** What the task asks **
In the copy you make, include no pictures, and transcribe every record exactly.

** Phrase grounding data **
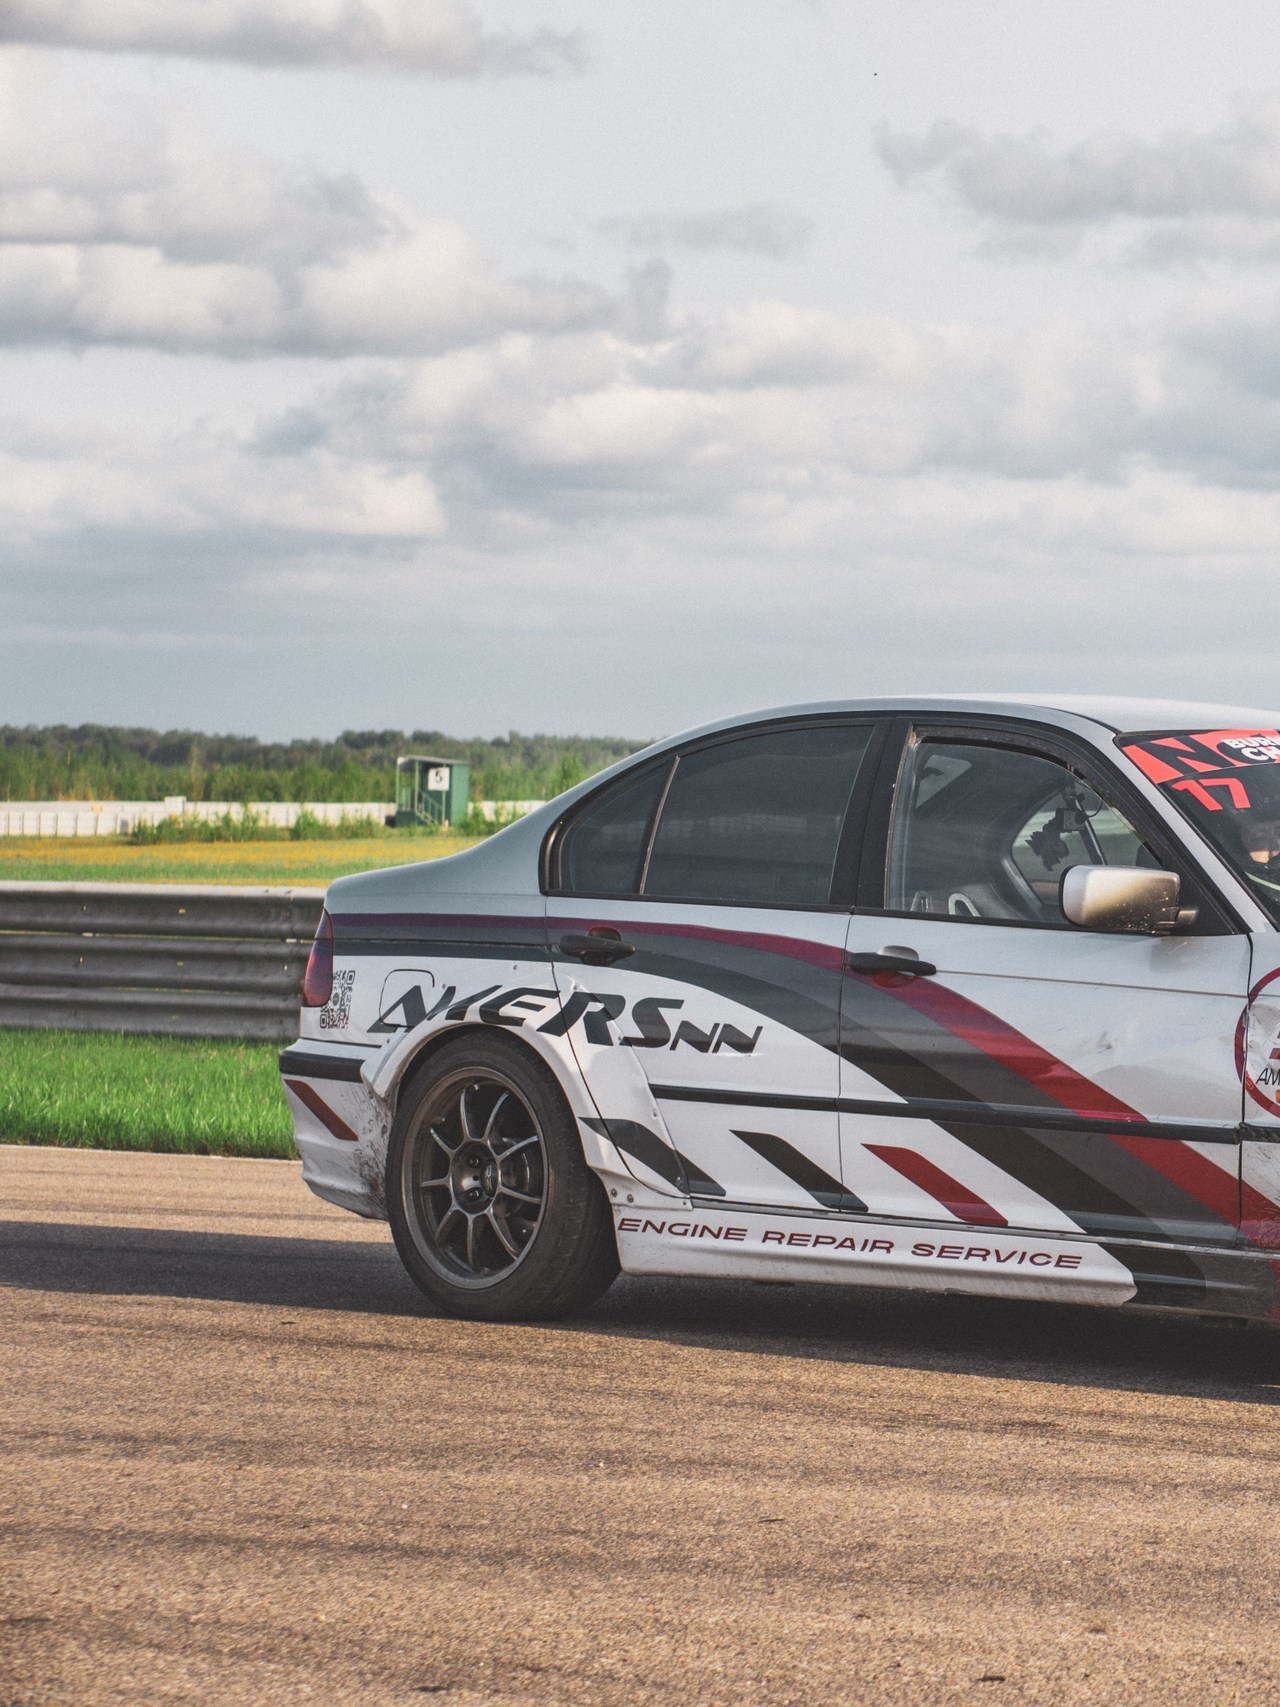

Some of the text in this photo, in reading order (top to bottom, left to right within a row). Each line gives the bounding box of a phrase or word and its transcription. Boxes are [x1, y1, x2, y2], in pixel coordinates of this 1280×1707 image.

[1171, 778, 1251, 811] 17
[617, 1217, 1083, 1270] ENGINE REPAIR SERVICE
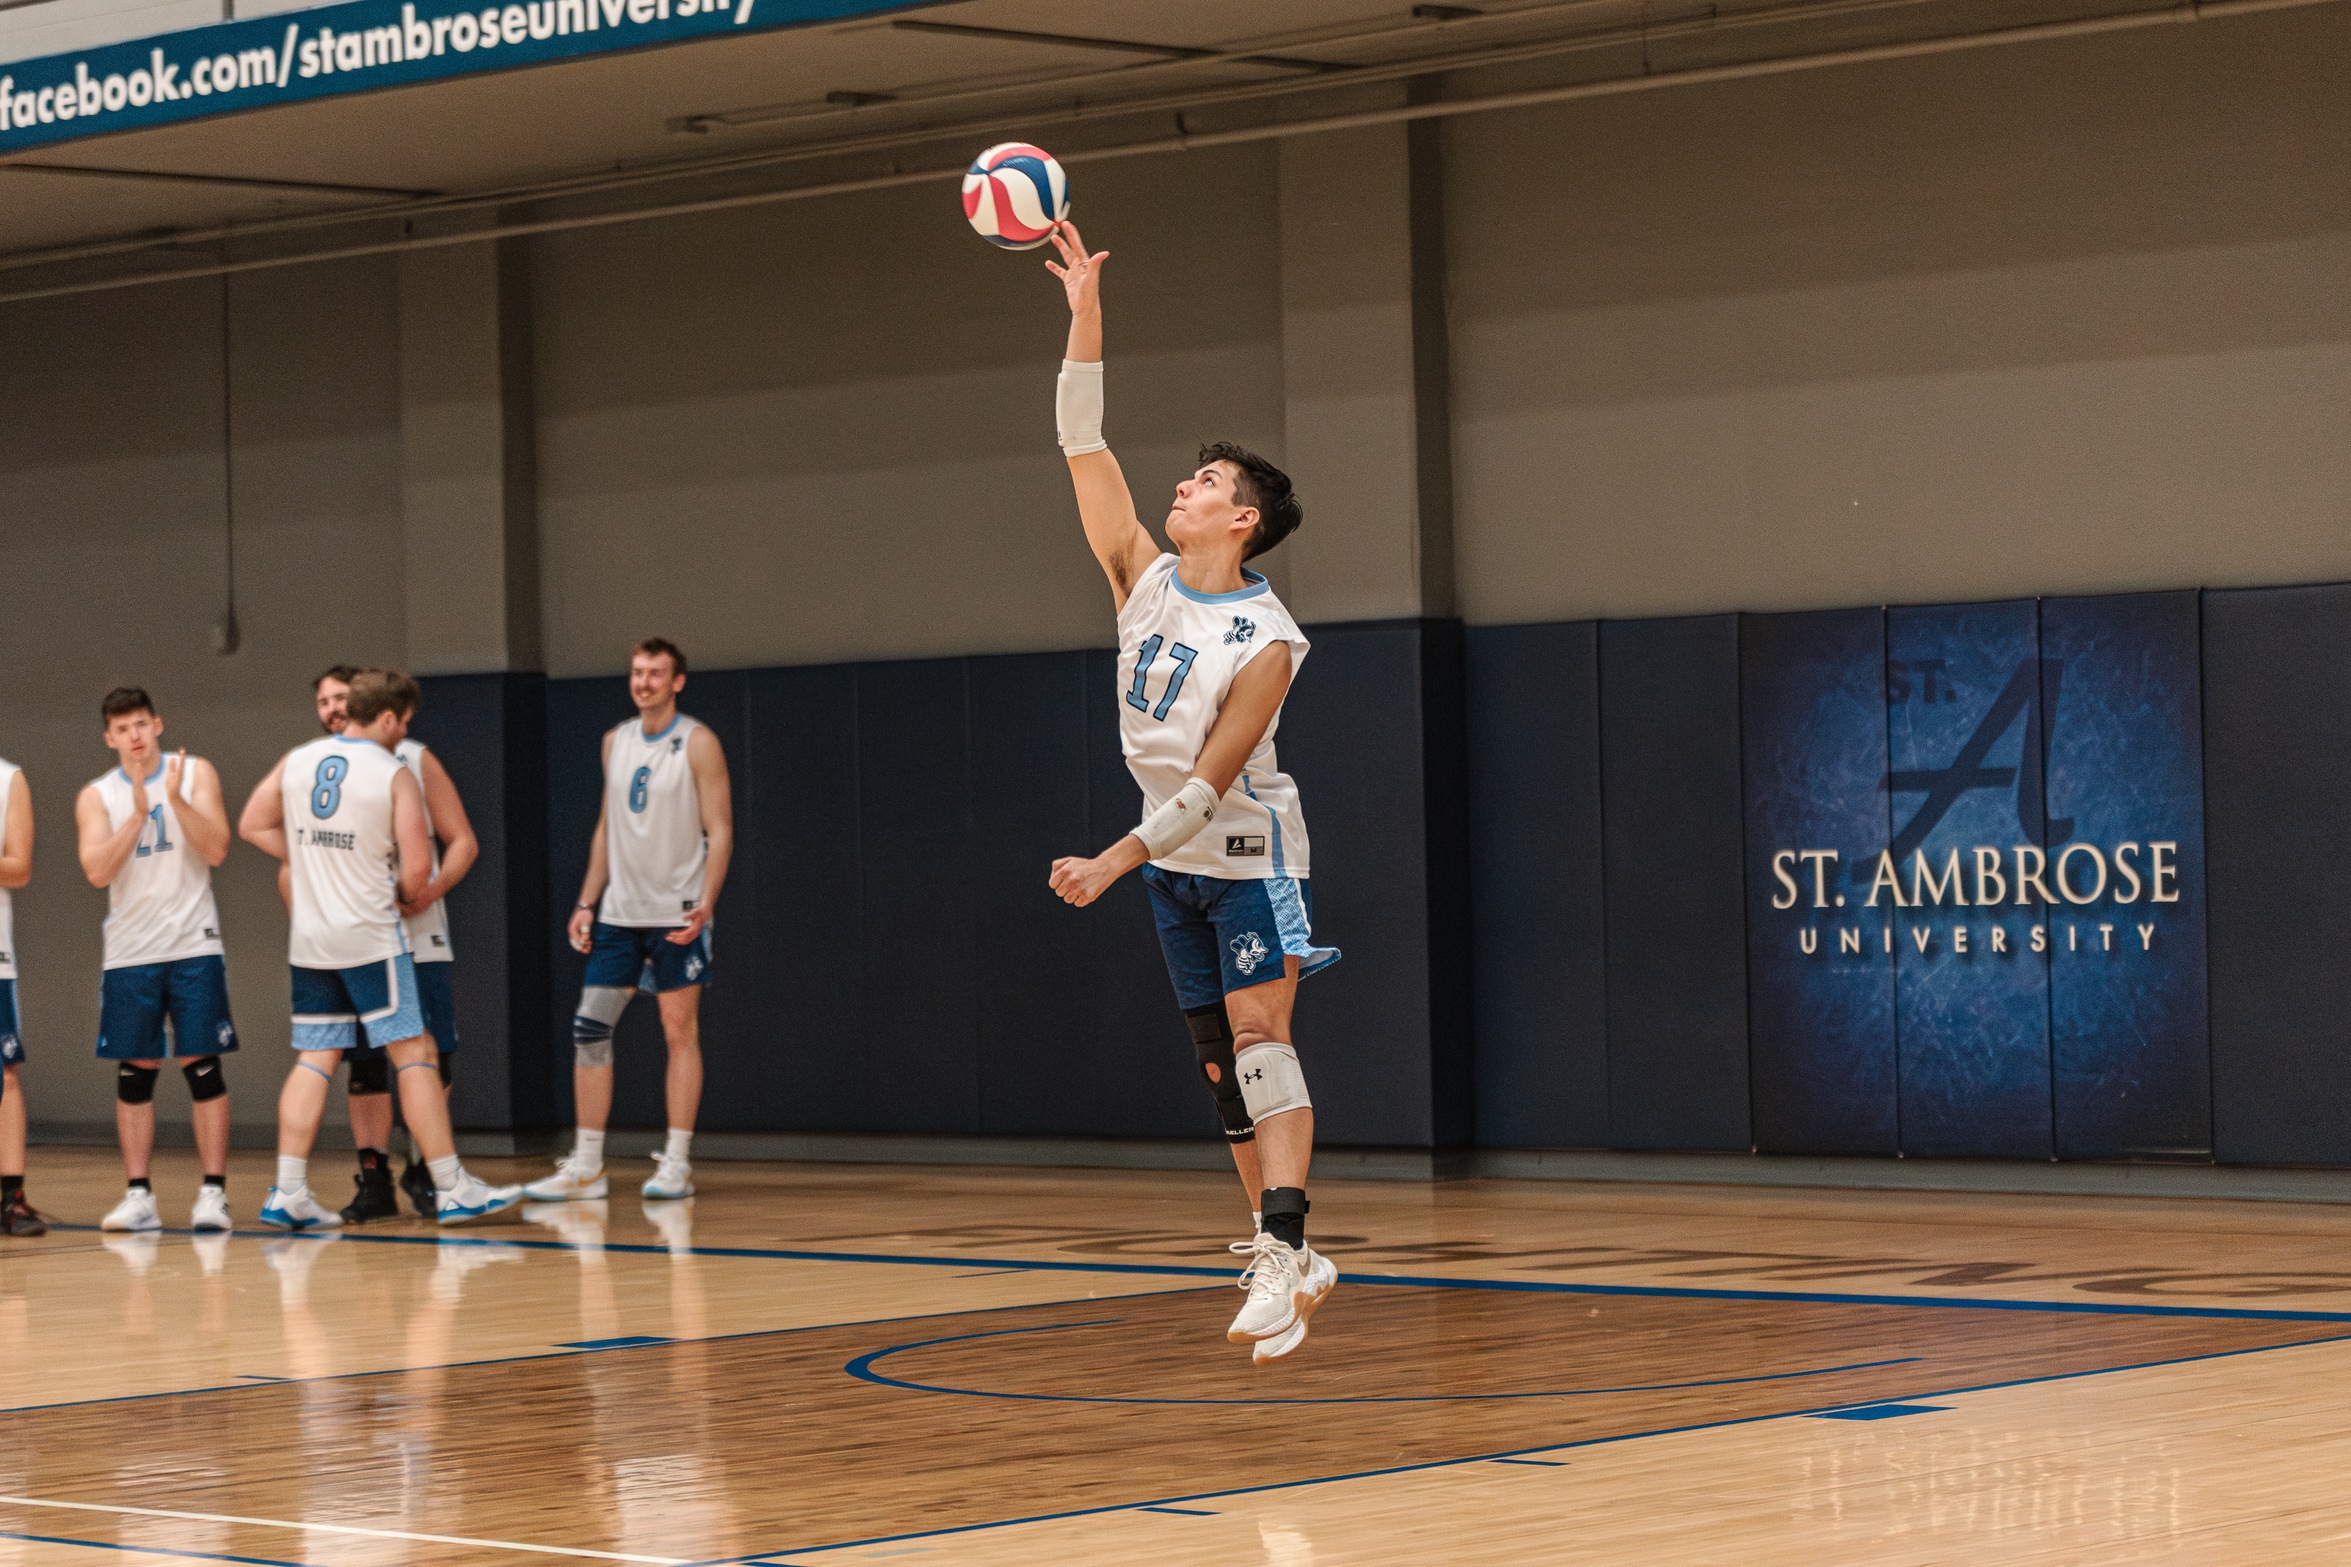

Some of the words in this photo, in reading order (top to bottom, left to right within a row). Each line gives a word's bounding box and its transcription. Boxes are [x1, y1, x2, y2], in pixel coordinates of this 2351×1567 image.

[1126, 634, 1198, 722] 17
[311, 755, 348, 820] 8
[629, 766, 651, 814] 6
[1772, 849, 1845, 909] ST.
[1863, 841, 2180, 907] AMBROSE
[1800, 924, 2155, 954] UNIVERSITY

** Task response **
Some of the text in this photo, in reading order (top to bottom, left to right within a row). Each line gives the bounding box of a phrase or word and its transcription. Boxes are [x1, y1, x2, y2], in pixel coordinates of this 1280×1707 image.

[1171, 778, 1251, 811] 17
[617, 1217, 1083, 1270] ENGINE REPAIR SERVICE

Some of the words in this photo, in reading order (top to bottom, left to right within a row). Each line gives a word's bounding box and its transcription. Boxes are [x1, y1, x2, y2], in pixel coordinates of this 2351×1567 image.

[1126, 634, 1198, 722] 17
[311, 755, 348, 820] 8
[629, 766, 651, 814] 6
[1772, 849, 1845, 909] ST.
[1863, 841, 2180, 907] AMBROSE
[1800, 924, 2155, 954] UNIVERSITY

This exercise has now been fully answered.